What it Means to Have a Friend in Me


I like to think I’m a good friend (although, maybe not everyone agrees with that notion – slide into my DMs if you’d like to chat!)

What makes a good friend though? It’s something I question all the time. I think it’s TIME. Uninterrupted, full-attention (ahem, no phones), no-plans-afterwards time. I feel like the time and energy people give to me is an absolute gift, and I feel like it’s my gift in return.

But lately, I’ve started to realise how an outgoing personality aids me in making friends really easily. Don’t get me wrong; I feel that the word friend is thrown around too easily – I am very much able to differentiate between friends, associates and even acquaintances. I feel as though people who aren’t able to make those distinctions are craving relationships to be something they’re just not, and maybe too soon.

I also feel that a handful of actual friends is far more valuable than a hundred acquaintances. I also don’t see the point of levels being defined as friend< good friend< best friend< most bestest friend< even better than bestest friends< “Like, we’re basically sisters” *secret handshakes*. Honestly, “friend” is enough for me. It’s a word that carries weight and responsibility, don’t take it lightly.

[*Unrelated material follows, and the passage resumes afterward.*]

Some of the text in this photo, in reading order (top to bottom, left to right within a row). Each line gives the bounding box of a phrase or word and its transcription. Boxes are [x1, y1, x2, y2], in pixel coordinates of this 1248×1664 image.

But I recognise how hard it is for people to allow organic friendships to grow – perhaps they’re really shy, or suspicious, or untrusting of people because of bad experiences. Lately, I’ve found it really important to be patient with those types of people, to put in the time and energy to allow the friendship to grow organically. Not trying to force it, but putting in the actual effort to try. Nothing upsets me quite like knowing that someone might be lonely, or feel as though no one likes them, or perhaps feel like they don’t have friends. And what I’ve realised is that they might be surrounded by acquaintances that make them believe they are friends, but it’s too superficial. I imagine that they could be sitting with a massive group of shallow associates, and disappear amongst people who haven’t taken the time to see them.

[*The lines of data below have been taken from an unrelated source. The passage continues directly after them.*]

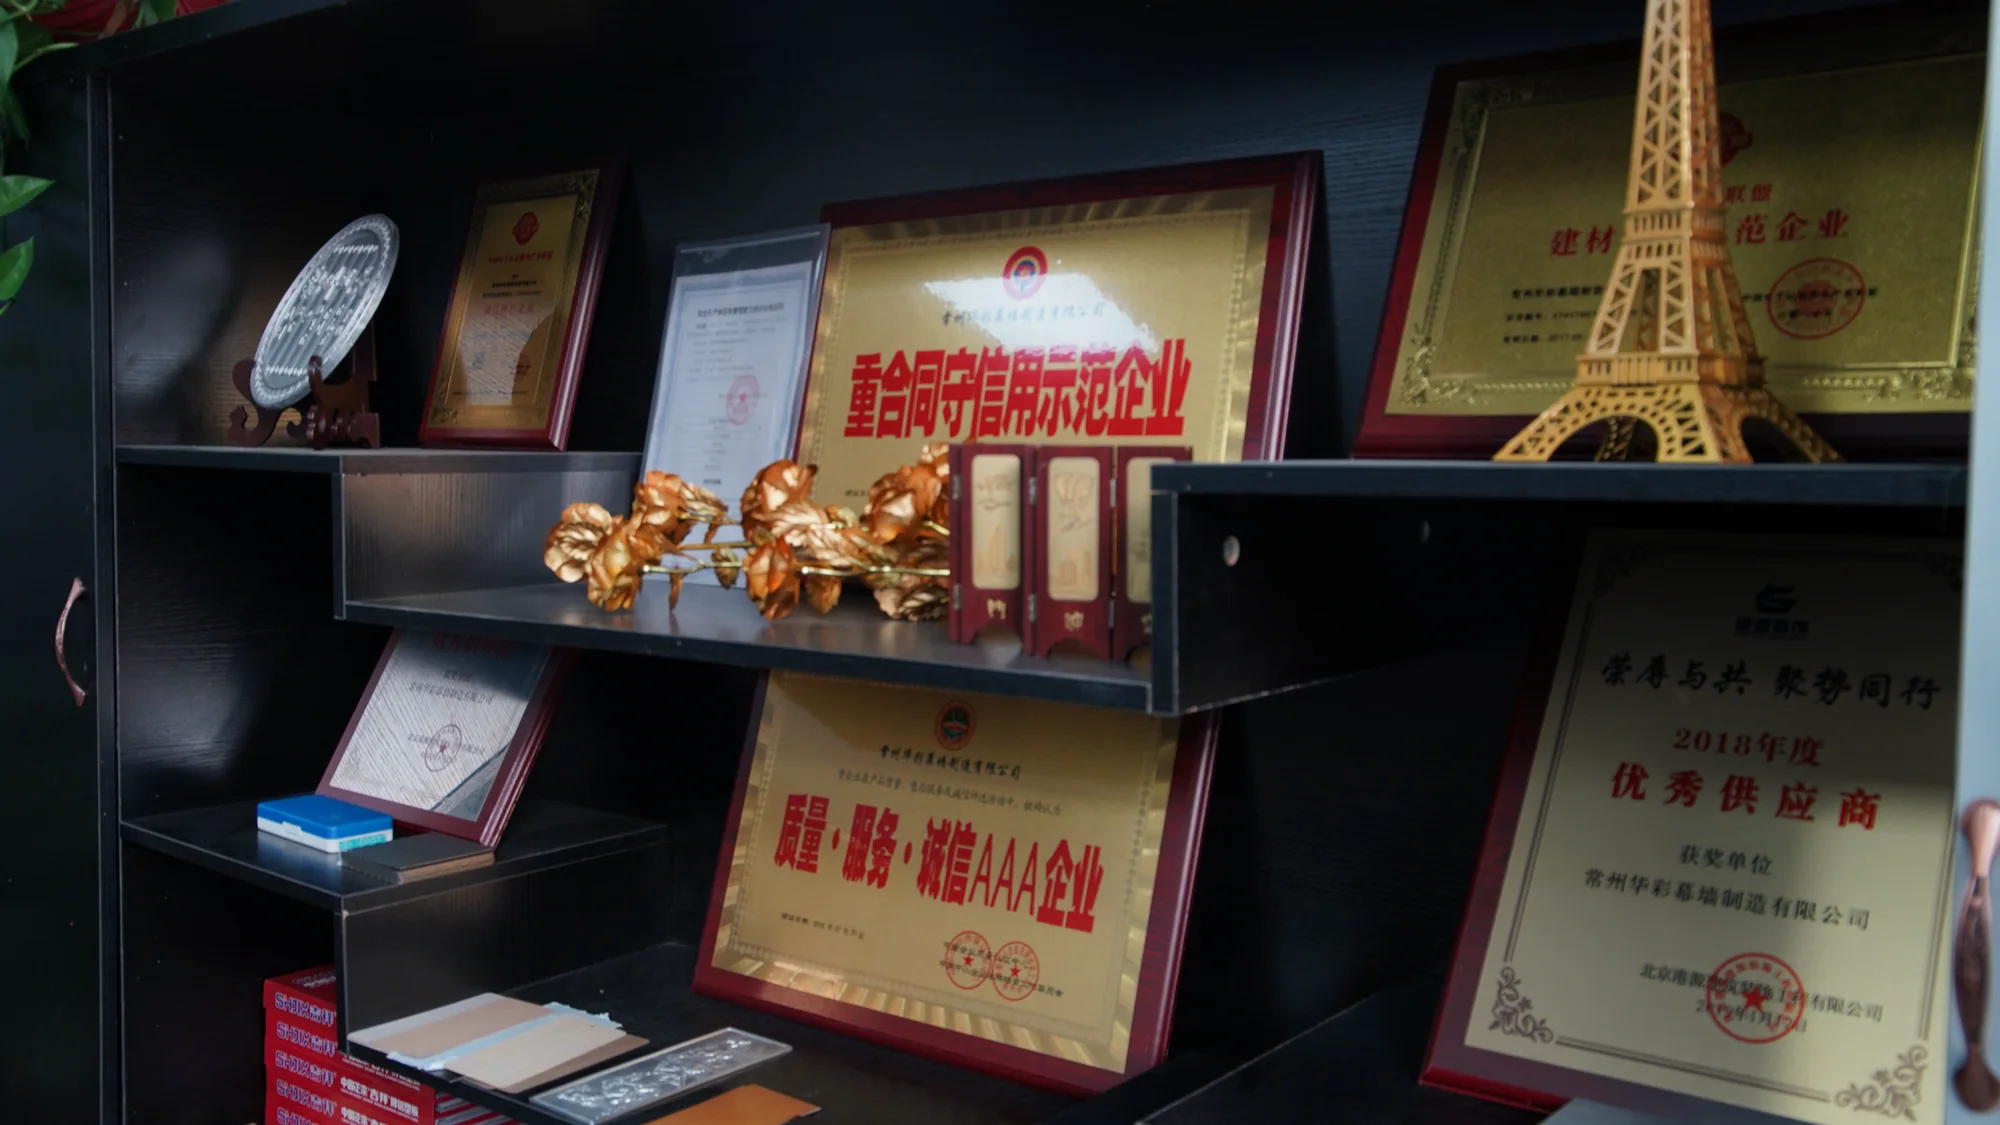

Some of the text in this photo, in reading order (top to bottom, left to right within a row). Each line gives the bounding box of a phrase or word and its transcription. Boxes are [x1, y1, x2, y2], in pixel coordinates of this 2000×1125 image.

[844, 338, 1193, 439] 重合同守信用示范企业
[1602, 652, 1942, 710] 荣辱与共 聚势同行
[1672, 727, 1825, 768] 2018年度
[1611, 761, 1882, 831] 优秀供应商
[1680, 843, 1774, 877] 获奖单位
[1584, 866, 1871, 932] 常州华彩幕墙制造有限公司

Thinking of the type of friend you are is a journey of self-awareness and maturity, growing up means being the best type of friend you could be to the people you care about.

My advice to the outgoing people? Put in the time, put in the effort, and put in the work. Your friendship might be invaluable to someone who really needs it, and don’t take that title lightly. My advice to the shy ones? Trust in yourself, and trust in others until they give you reason not to. And my advice all round, be a good friend. A good, genuine, loyal friend. And for that matter, be the best type of friend you could be to yourself.